● Work task: Line by line, set down all the data below exactly, omitting any picture.

── Records provided ──

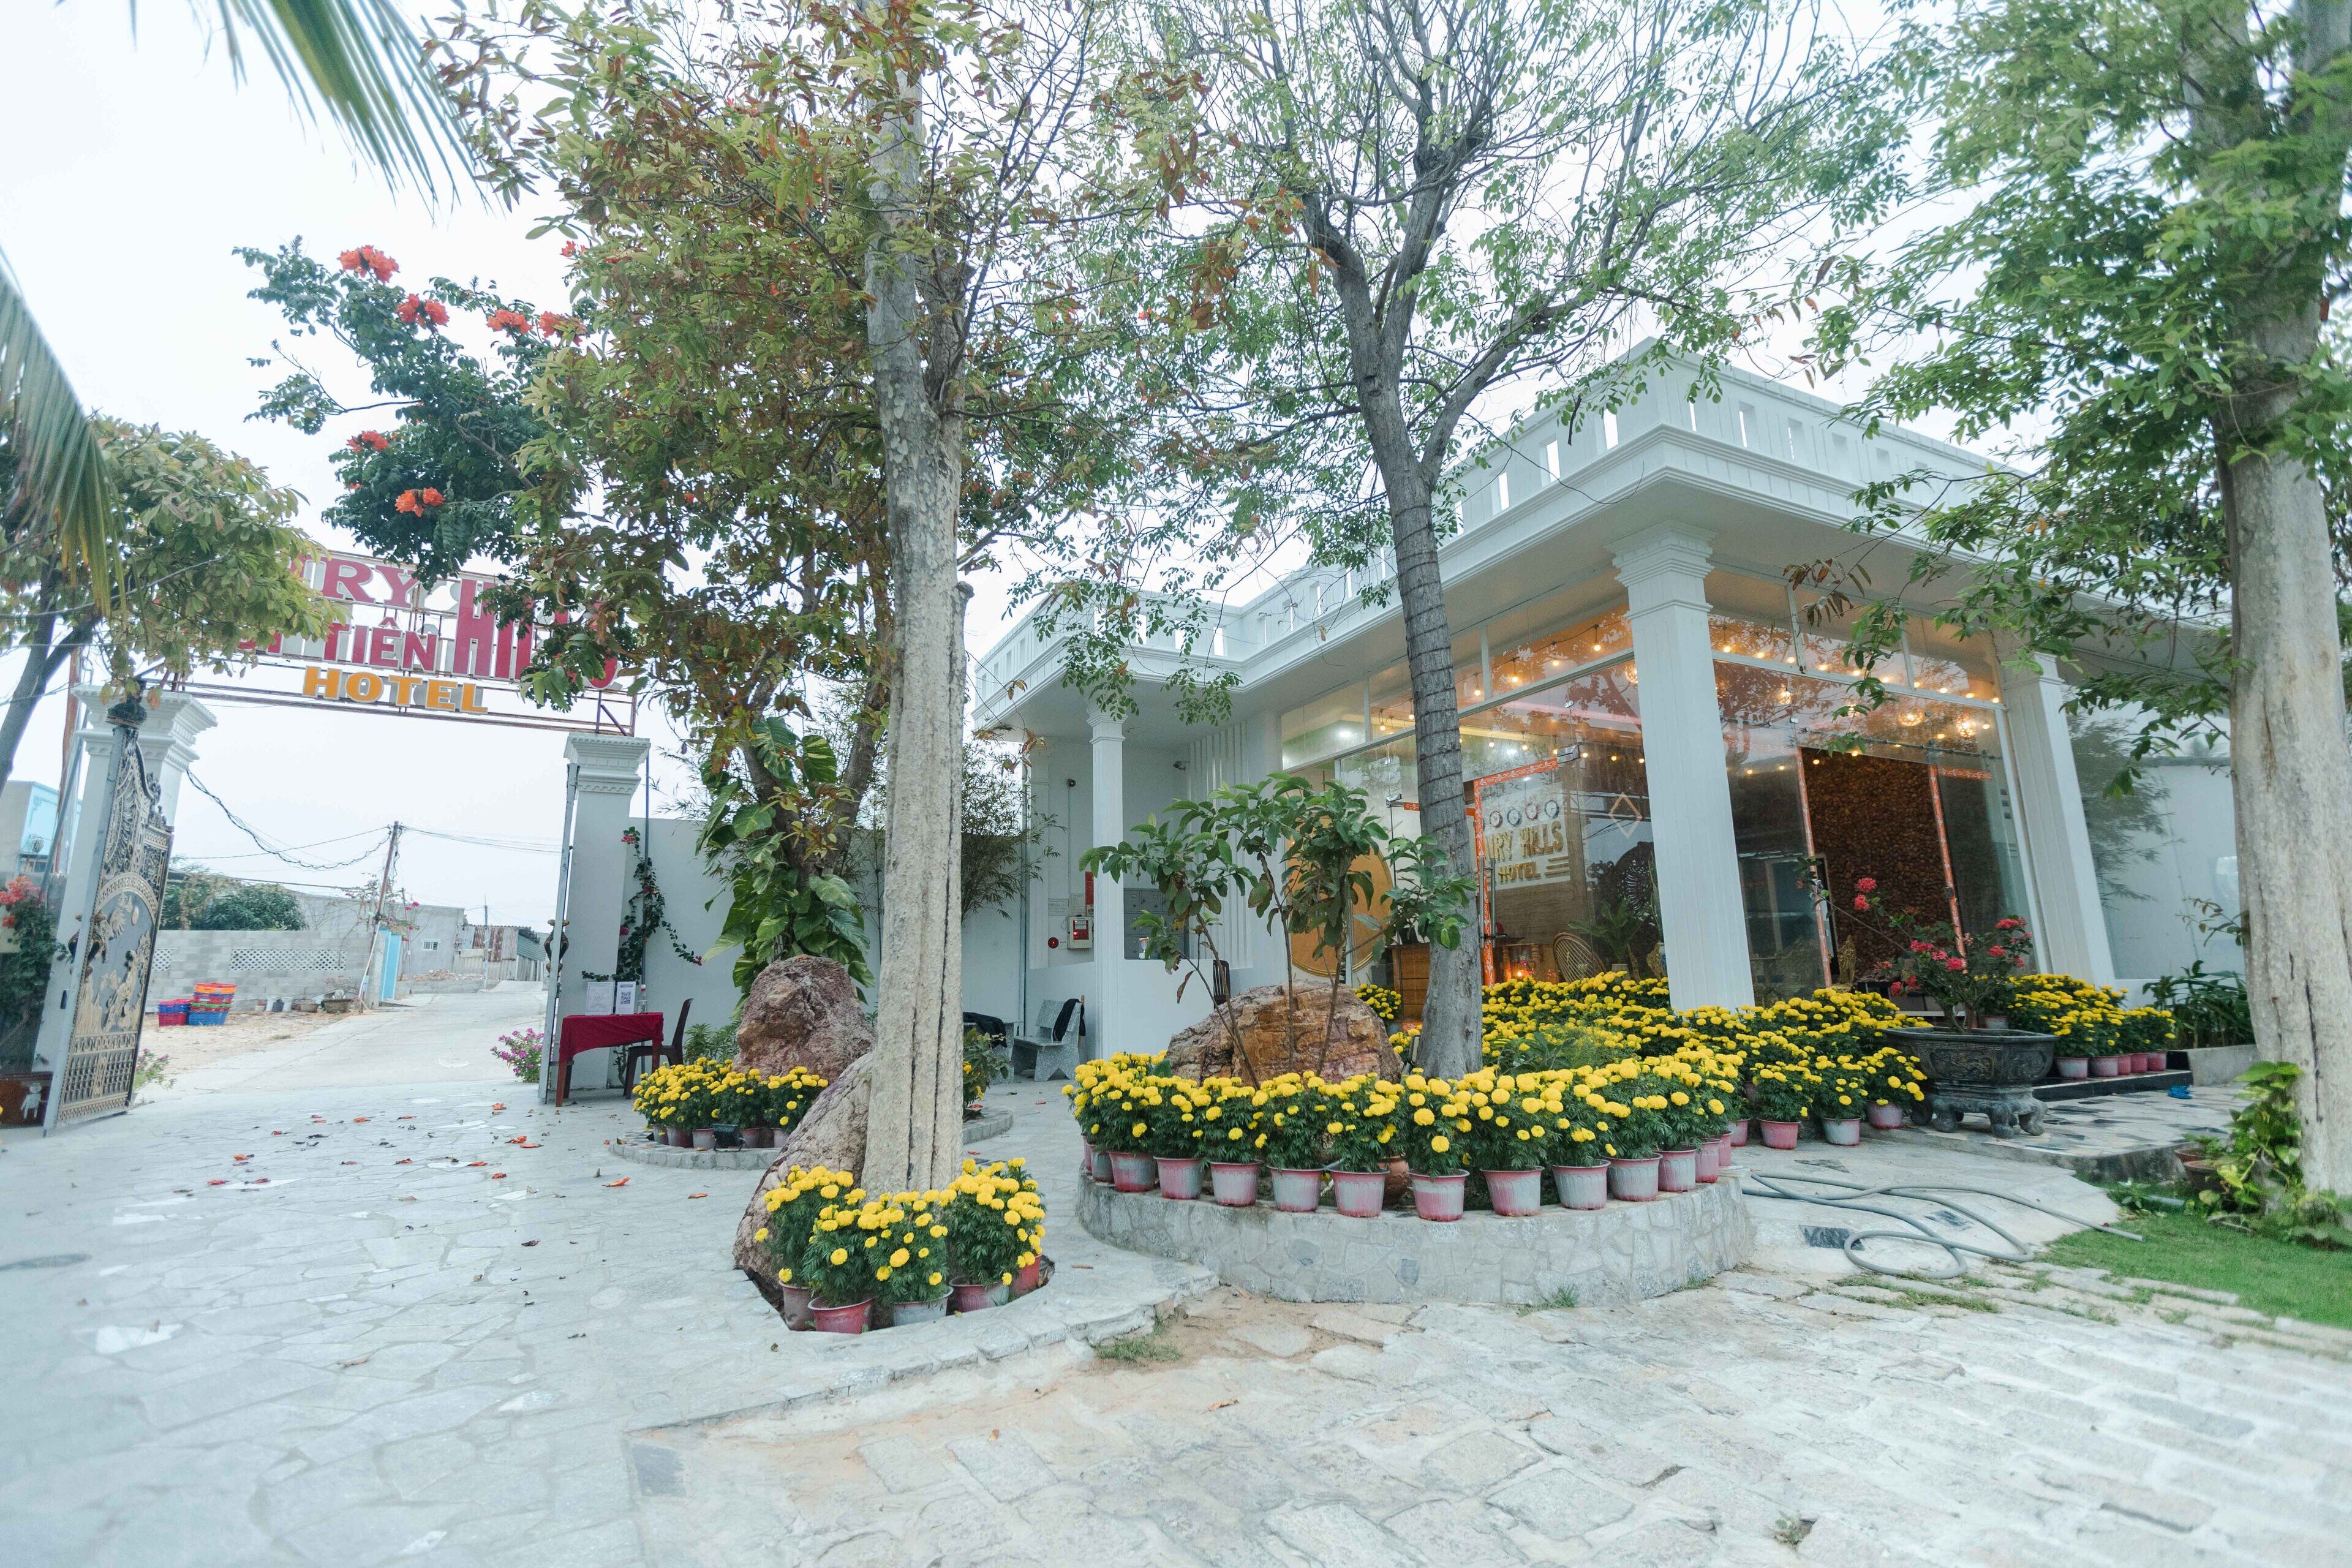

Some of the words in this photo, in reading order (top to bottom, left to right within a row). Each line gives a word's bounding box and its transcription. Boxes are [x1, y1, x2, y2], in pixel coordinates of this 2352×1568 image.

[302, 665, 489, 714] HOTEL
[1519, 820, 1564, 858] HILLS
[1498, 861, 1542, 883] HOTEL
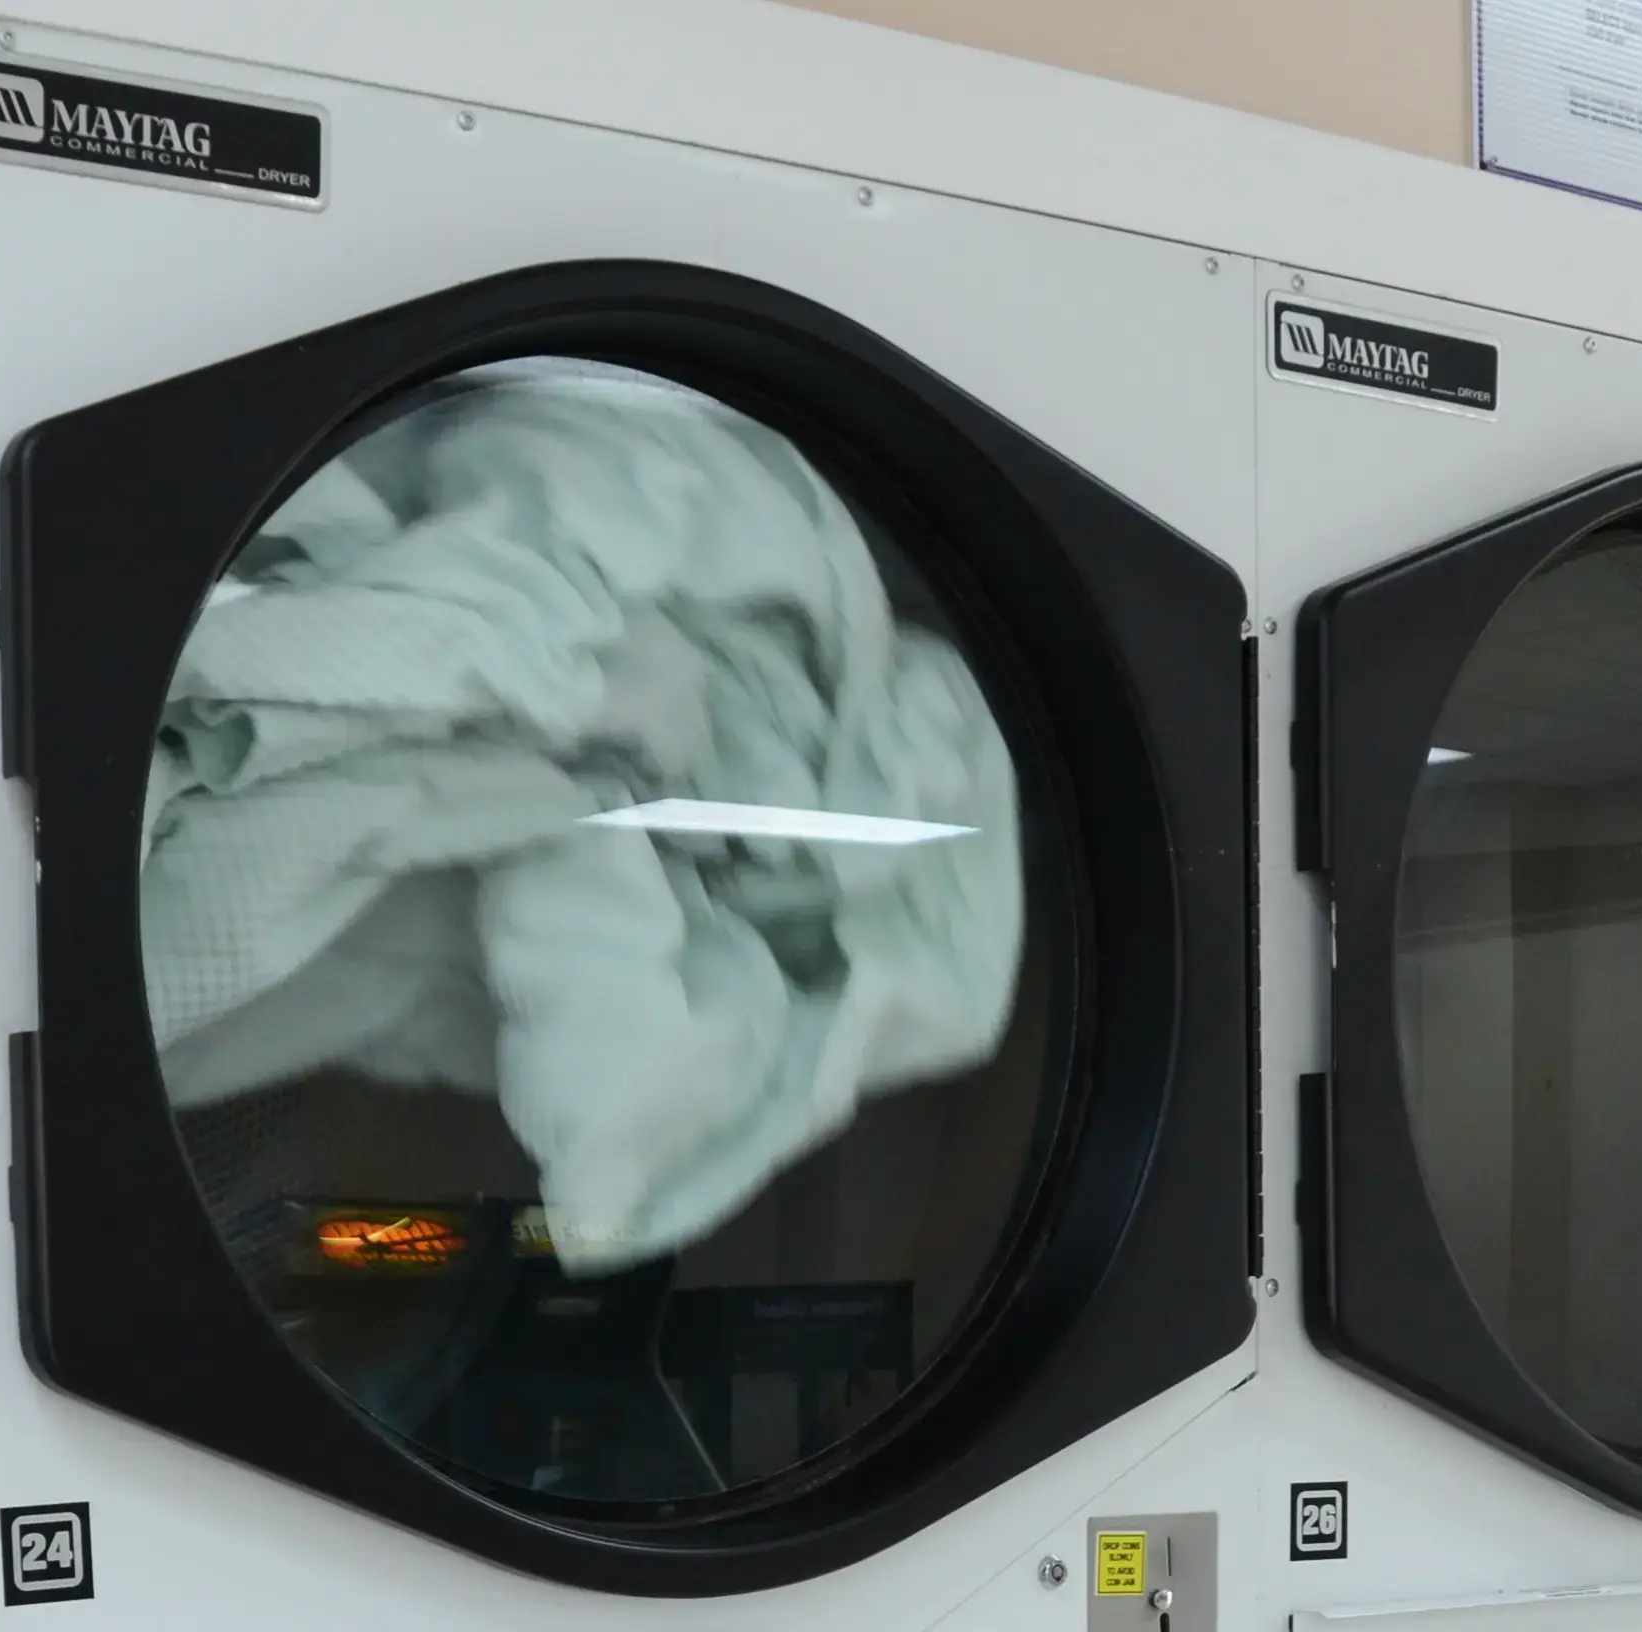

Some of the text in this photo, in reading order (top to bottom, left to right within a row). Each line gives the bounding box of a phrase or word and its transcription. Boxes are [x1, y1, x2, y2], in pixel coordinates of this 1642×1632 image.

[51, 98, 211, 157] MAYTAG
[50, 135, 311, 188] COMMERCIAL DRYER
[1327, 332, 1429, 379] MAYTAG
[1327, 362, 1491, 403] COMMERCIAL DRYER
[1303, 1503, 1337, 1535] 26
[21, 1530, 74, 1572] 24

───

● Answer area:
Some of the words in this photo, in reading order (top to bottom, left to right within a row). Each line gives a word's bounding box and its transcription. Boxes are [x1, y1, x2, y2], in pixel coordinates of this 2352×1568 image.

[302, 665, 489, 714] HOTEL
[1519, 820, 1564, 858] HILLS
[1498, 861, 1542, 883] HOTEL

Some of the text in this photo, in reading order (top to bottom, left to right within a row). Each line gives the bounding box of a phrase or word and its transcription. Boxes are [x1, y1, x2, y2], in pixel coordinates of this 1642×1632 image.

[51, 98, 211, 157] MAYTAG
[50, 135, 311, 188] COMMERCIAL DRYER
[1327, 332, 1429, 379] MAYTAG
[1327, 362, 1491, 403] COMMERCIAL DRYER
[1303, 1503, 1337, 1535] 26
[21, 1530, 74, 1572] 24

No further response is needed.